India, with a population of nearly 1.2 billion, is the world’s third-largest greenhouse gas emitter. It has pledged to reduce carbon emission per unit of gross domestic product up to 35% by 2030 from the 2005 level. The building sector is experiencing unprecedented growth leading to higher energy consumption (Govt of India, 2015). India’s electricity demand is expected to rise from 775 TWh in 2012 to 2499 TWh by 2030. Estimates by National Institution for Transforming India (NITI Aayog) indicate that the mitigation activities for moderate low carbon development would cost India around USD 834 billion till 2030 at 2011 prices (de Dear, Leow, & Foo, 1991). With an increase in affordability and power supply, the future shall see a steep rise in demand for air conditioning. By 2030, 60% of commercial space and 40% of residential households in India are expected to be air-conditioned. The space cooling systems adopted in developing nations like India have a great impact on the economy as well greenhouse gas emissions.
The ISO and ASHRAE thermal comfort standards are used to design space conditioning systems, where the systems operate at 22.5 ± 1°C. The ASHRAE 55-2010 standard includes an adaptive thermal comfort model to differentiate the thermal response of occupants in air-conditioned and naturally ventilated buildings. However, until now there has been a lack of a contextual model for adaptive thermal comfort for India, even though a large proportion of existing as well as new buildings are either fully naturally ventilated or use natural ventilation for most of the year, supplemented by air-conditioning.

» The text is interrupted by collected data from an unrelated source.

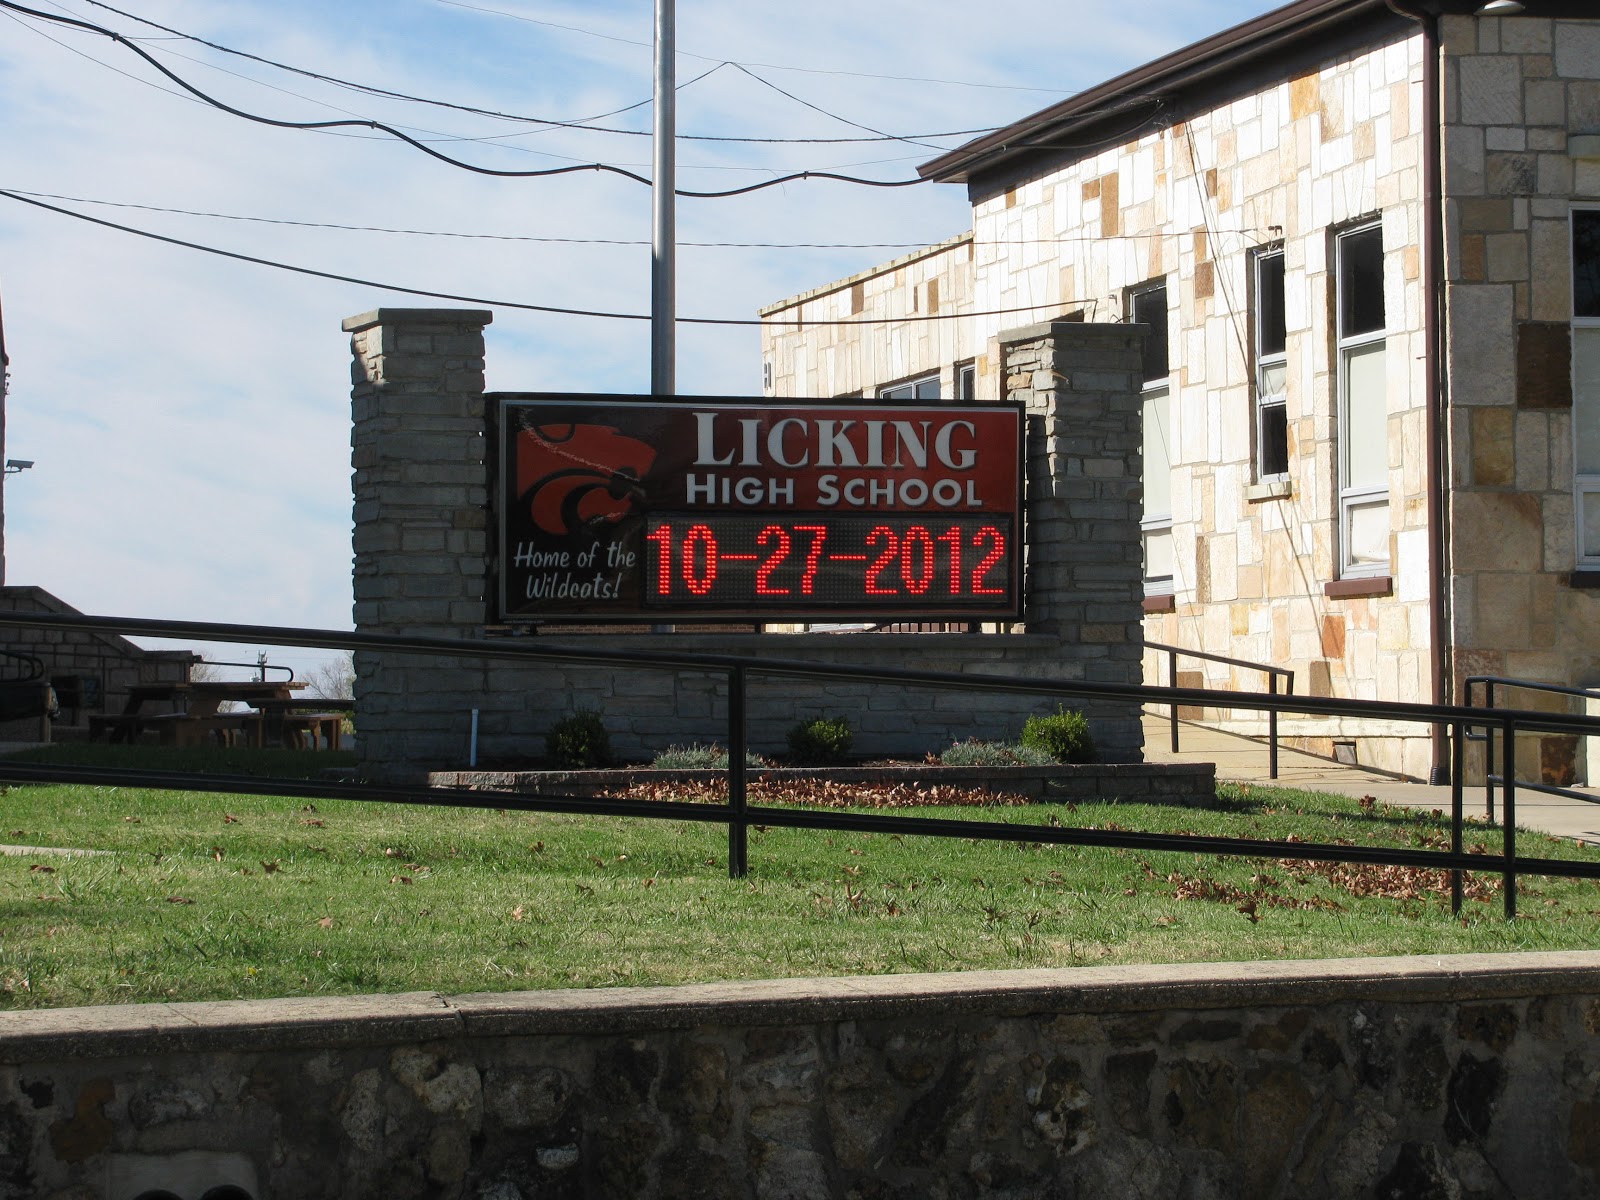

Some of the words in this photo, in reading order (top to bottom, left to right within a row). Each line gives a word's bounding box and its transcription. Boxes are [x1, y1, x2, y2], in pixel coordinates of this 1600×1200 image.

[692, 412, 978, 469] LICKING
[686, 473, 794, 505] HIGH
[816, 474, 983, 506] SCHOOL
[513, 541, 570, 568] Home
[577, 541, 600, 568] of
[606, 541, 636, 568] the
[646, 524, 1005, 595] 10-27-2012
[526, 572, 623, 599] Wildcats!
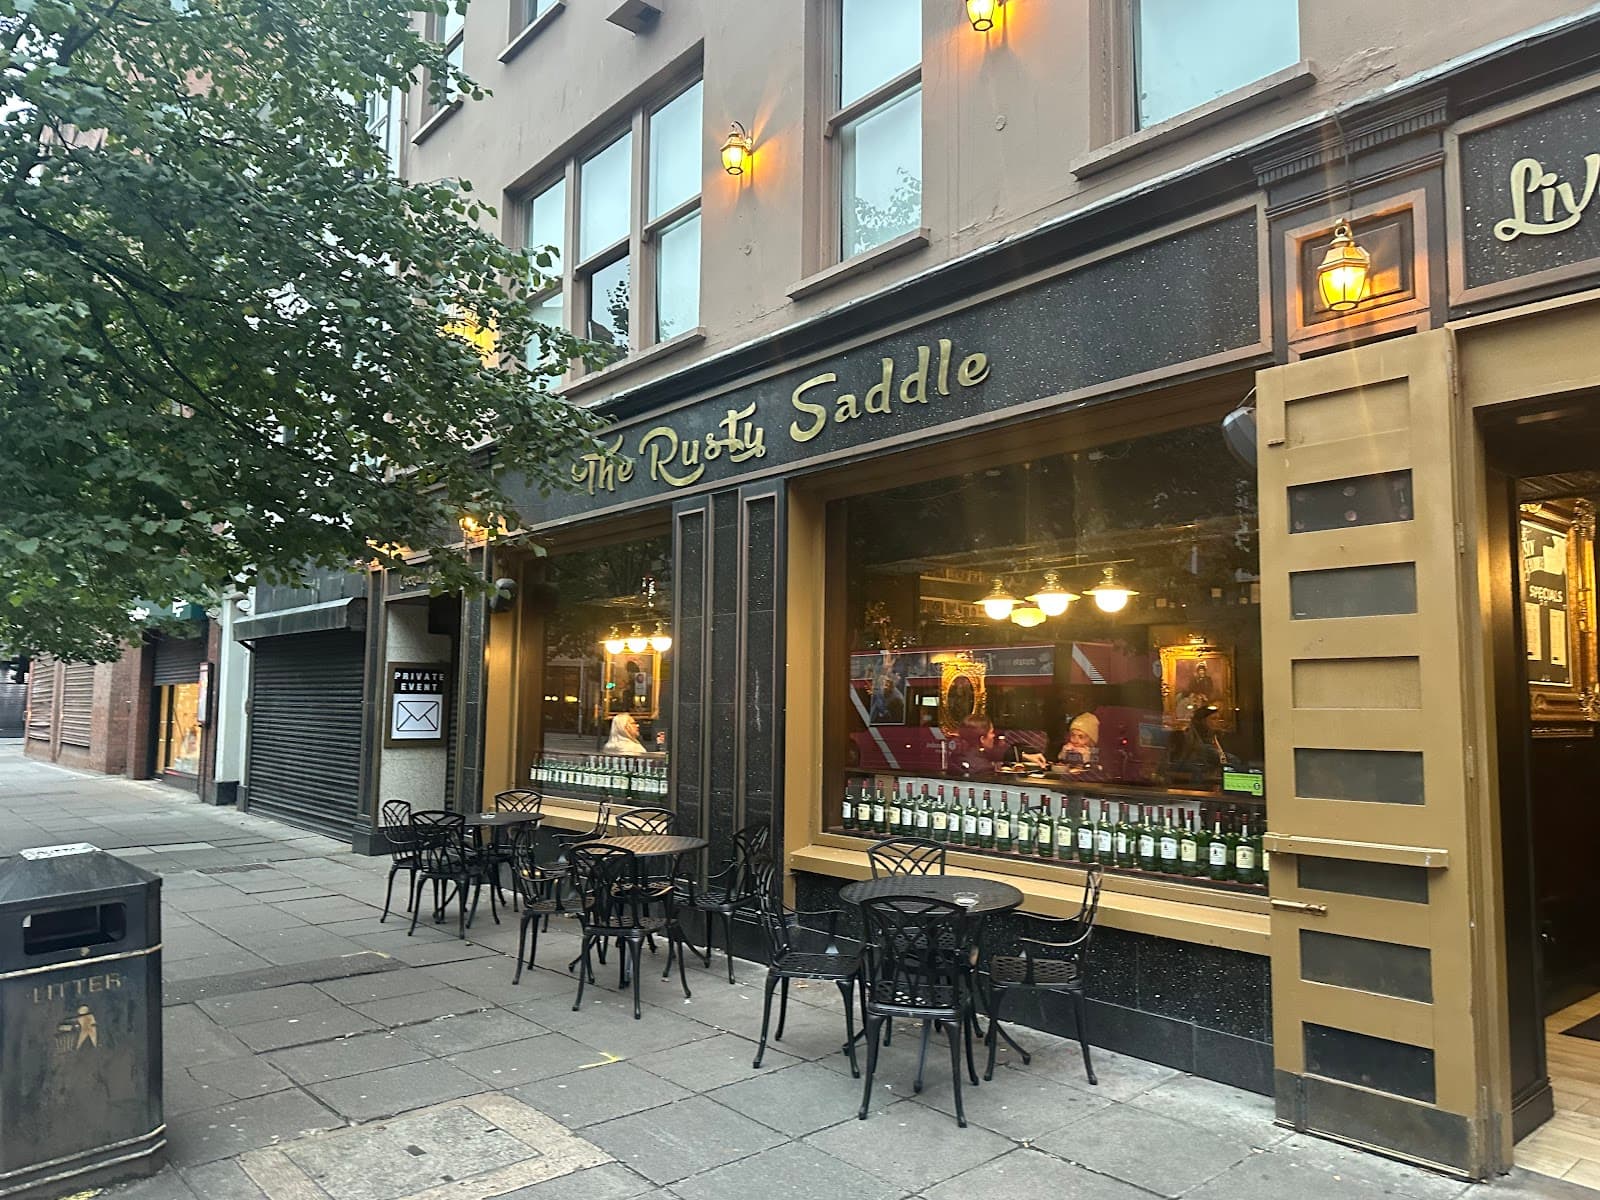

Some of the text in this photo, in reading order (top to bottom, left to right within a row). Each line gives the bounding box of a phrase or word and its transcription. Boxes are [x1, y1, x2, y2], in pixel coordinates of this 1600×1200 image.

[1494, 153, 1600, 242] Liv
[571, 338, 991, 495] The Rusty Saddle
[394, 671, 445, 681] PRIVATE
[400, 682, 438, 691] EVENT
[32, 972, 121, 1004] LITTER

The project has worked in three distinct but symbiotic activities.
In each building, instruments were installed to log and monitor the end-use of energy consumption, outdoor weather condition, supply air temperature, relative humidity, and air velocity of low energy cooling system and. Indoor environmental parameters every hour.
Three times in a year ‘Right now, Right Here’ surveys were conducted to analyze the thermal sensation, thermal and air velocity preference, and thermal acceptability of occupants
Expected Outcomes & Deliverables
A Low Energy Cooling Test Bed (LECTB) was constructed. LECTB comprises two chambers – an indoor environment chamber and an outdoor climate chamber. The outdoor climate chamber is capable of replicating outdoor weather conditions for low energy cooling systems and an indoor chamber replicates indoor space conditions. The chambers are designed for easy replacement of the low energy cooling systems to be tested.
Click to view Brochure – Driving Efficient Low Energy Cooling Technologies Assessment to Technology Tech-Transfer (Delta-T)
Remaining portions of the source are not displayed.